Despite being such a terror, he really was the best cat for us. He was fun and kitten-like long past being dubbed “geriatric” by the vet. I have so many memories of using him as a pillow as he slept in the sunshine and I read or napped. Christmas morning was always extra entertaining due to his wrapping paper-induced euphoria. He performed acrobatics that would impress any member of Cirque de Soleil for a chance at catching a dangling shoelace or thread. He could purr so loudly that you could hear it in the next room with the door closed.
A few years ago, our vet informed us that Pete’s kidneys were beginning to fail. He began drinking copious amounts of water. I came home from college to say goodbye to him, but other than extreme thirst, he was still his playful self – just a little slower and sleepier.

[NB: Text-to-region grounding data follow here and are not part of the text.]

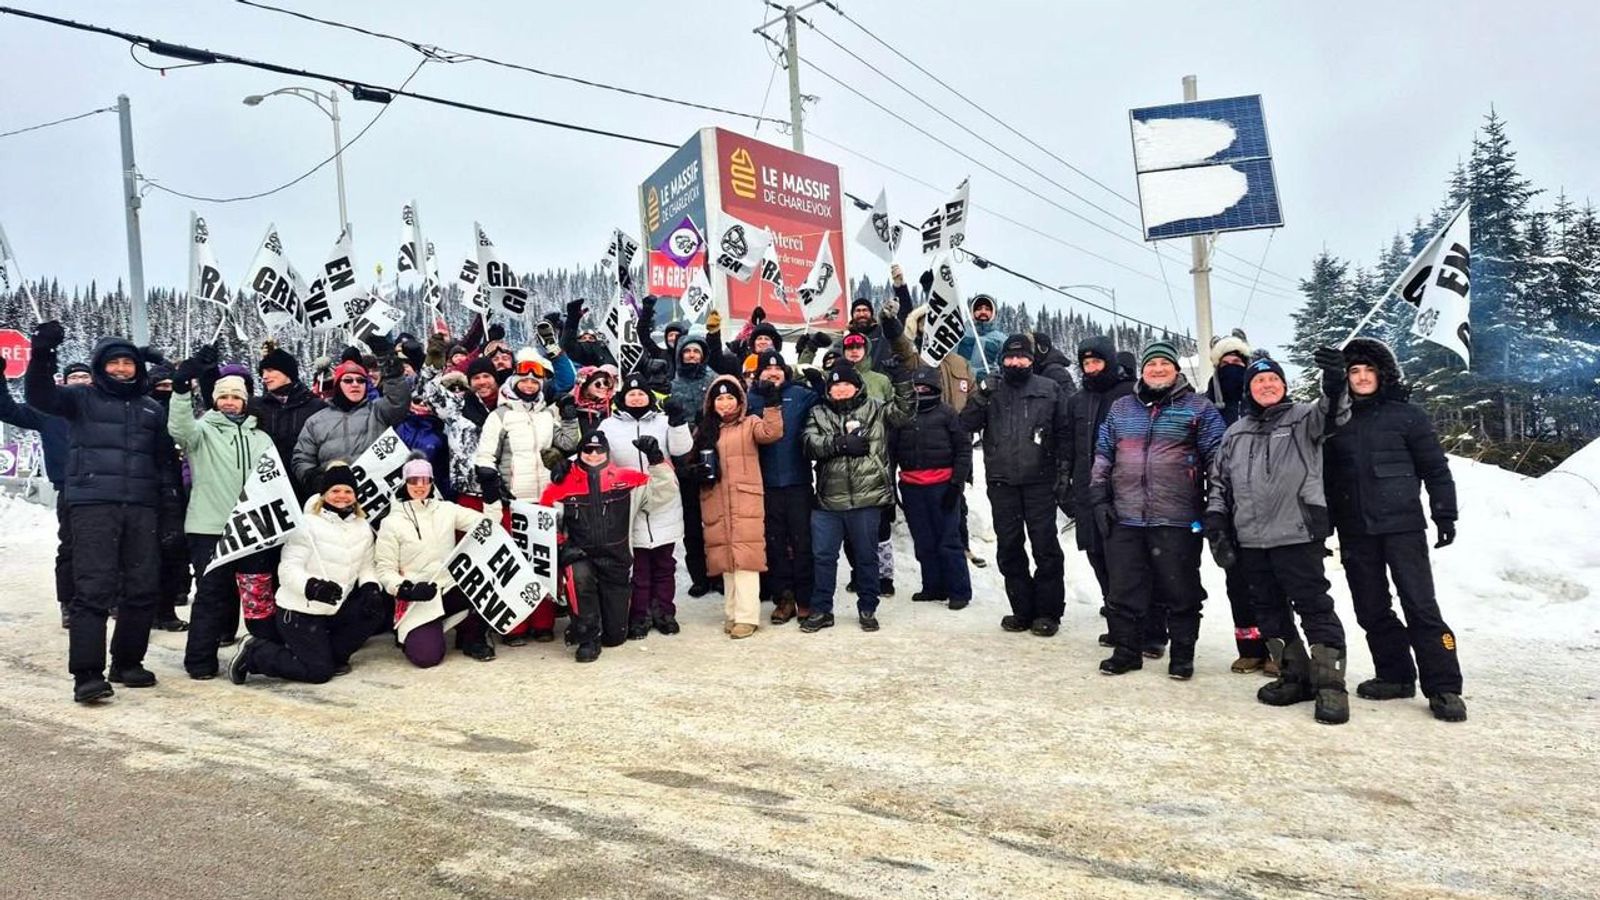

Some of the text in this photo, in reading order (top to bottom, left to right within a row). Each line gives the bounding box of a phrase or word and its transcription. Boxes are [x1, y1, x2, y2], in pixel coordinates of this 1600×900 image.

[661, 160, 699, 206] LE MASSIF
[762, 166, 831, 202] LE MASSIF
[763, 189, 832, 218] DE CHARLEVOIX
[945, 199, 964, 227] EN
[772, 231, 804, 252] Merci
[325, 255, 356, 292] EN
[459, 258, 480, 285] EN
[652, 264, 664, 287] EN
[693, 293, 709, 313] CSN
[0, 344, 32, 361] RÊT
[260, 469, 281, 483] CSN
[486, 543, 521, 589] EN
[532, 542, 552, 579] EN
[447, 552, 518, 634] GRÈVE

About two years ago, we believe he had a stroke. He began having balance problems, and it became apparent that he was blind in at least one of his eyes. His appetite began to decline, and we all knew it was the end.

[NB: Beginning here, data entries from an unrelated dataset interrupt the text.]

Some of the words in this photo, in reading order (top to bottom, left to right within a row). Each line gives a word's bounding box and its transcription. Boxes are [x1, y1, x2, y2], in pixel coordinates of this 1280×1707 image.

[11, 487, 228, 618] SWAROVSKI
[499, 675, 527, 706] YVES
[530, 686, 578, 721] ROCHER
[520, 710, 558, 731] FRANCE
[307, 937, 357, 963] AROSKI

But it wasn’t the end yet. As my mom’s illness progressed, he never left her side. He always wanted to be on her lap, and I wished over and over that he would make it a few more months.
After my mom passed away, I really believe he knew she was gone and missed her. I would find him on her side of the bed when that had never been a popular Pete hangout before. Sometimes, when I got home, he’d come running stiffly to the door, only to take a look at me, as if saying “oh, it’s just you,” and head back to whatever chair he’d been sleeping on.

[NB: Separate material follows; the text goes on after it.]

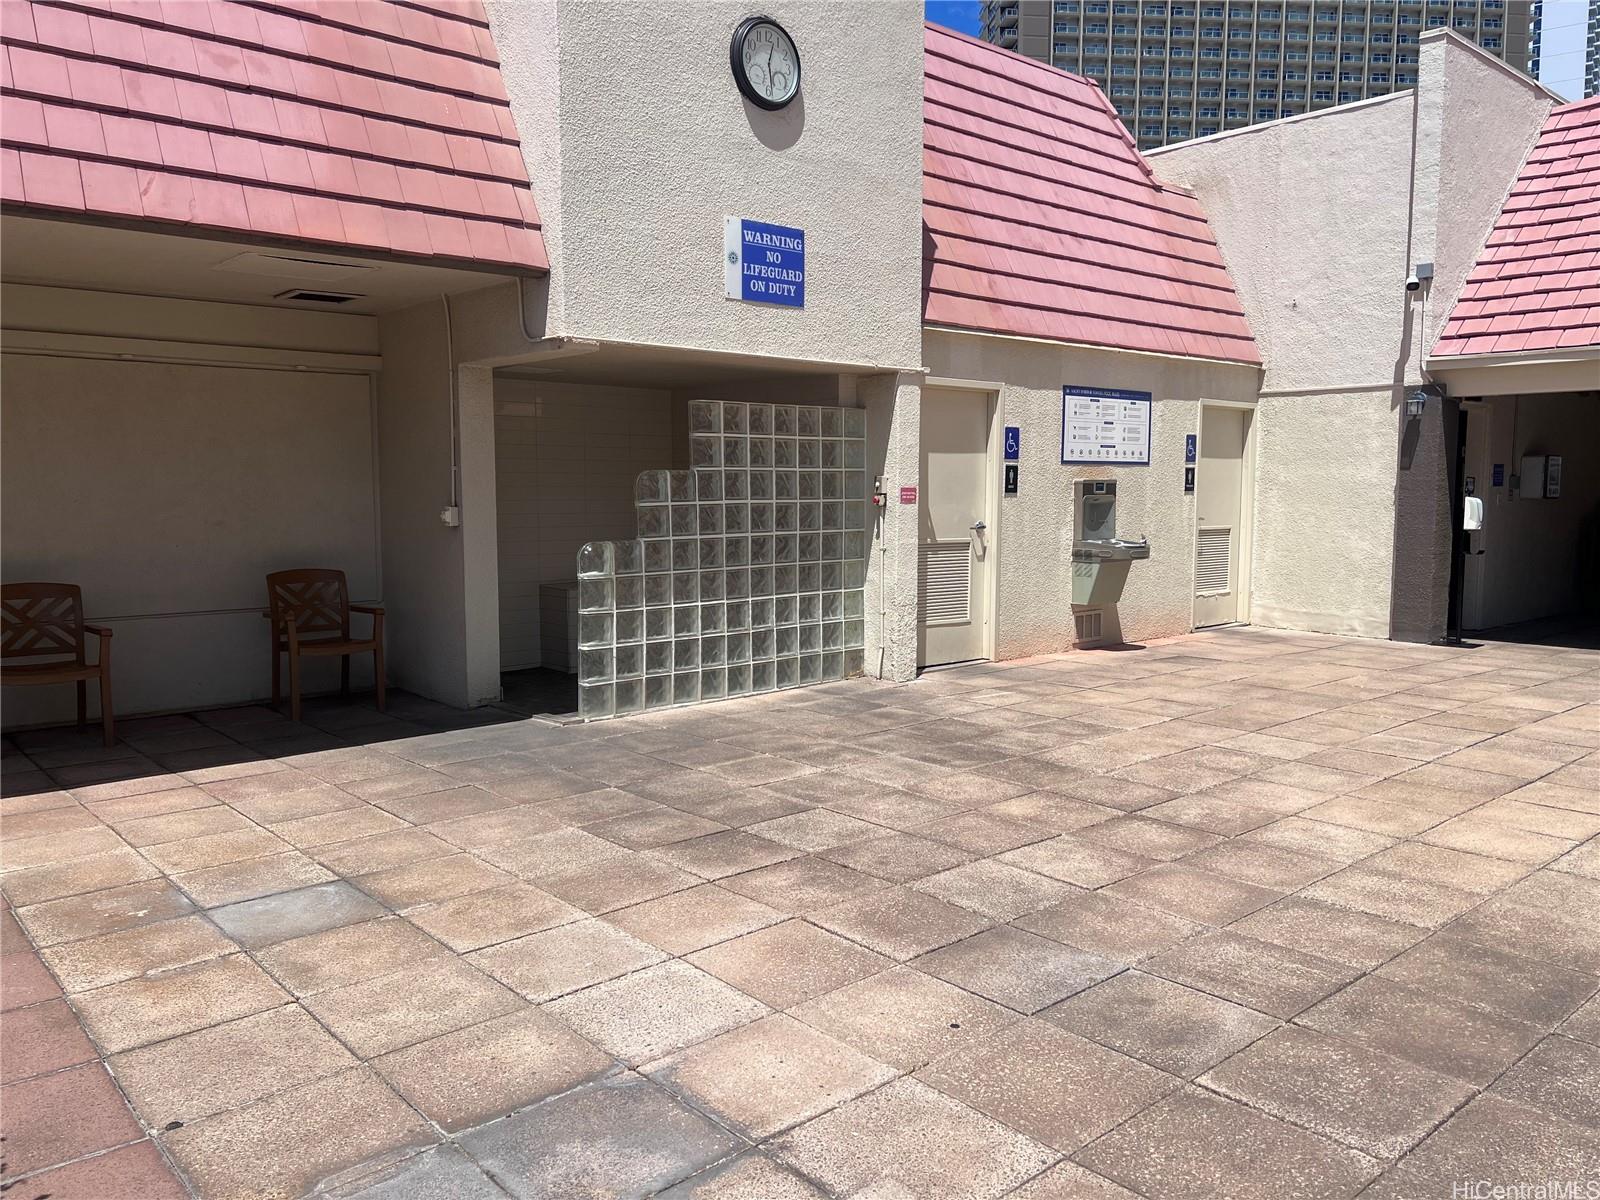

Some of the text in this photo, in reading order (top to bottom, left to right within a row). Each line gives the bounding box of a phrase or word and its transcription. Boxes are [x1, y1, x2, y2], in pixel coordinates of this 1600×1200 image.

Two mornings ago, I came downstairs to find that he was very, very ill. For the past few months, he had been losing weight and sleeping more and more, but this was different. I could tell he was miserable, and when I picked him up to put him in his bed, I could feel his insides through the fatless, tissue-thin layer of skin on his belly. He looked up at me, and our eyes met, and I knew it was time.
When we took him to the veterinarian’s office, I was not as sad as I expected to be. I really felt like we owed this amazing pet, friend, and family member some dignity and peace. After the vet gave him the first injection, he began to relax immediately, and soon was lying on his side, looking just like he used to when he’d lie for hours in the sunlight. I kissed him and wished him sweet dreams, and my dad said he was in Kitty Heaven, chasing the birds and squirrels unlucky enough to end up in Bird and Squirrel Hell. I think he is sitting on my mom’s lap, purring loudly and happily as she scratches his ears. No more suffering – only peace.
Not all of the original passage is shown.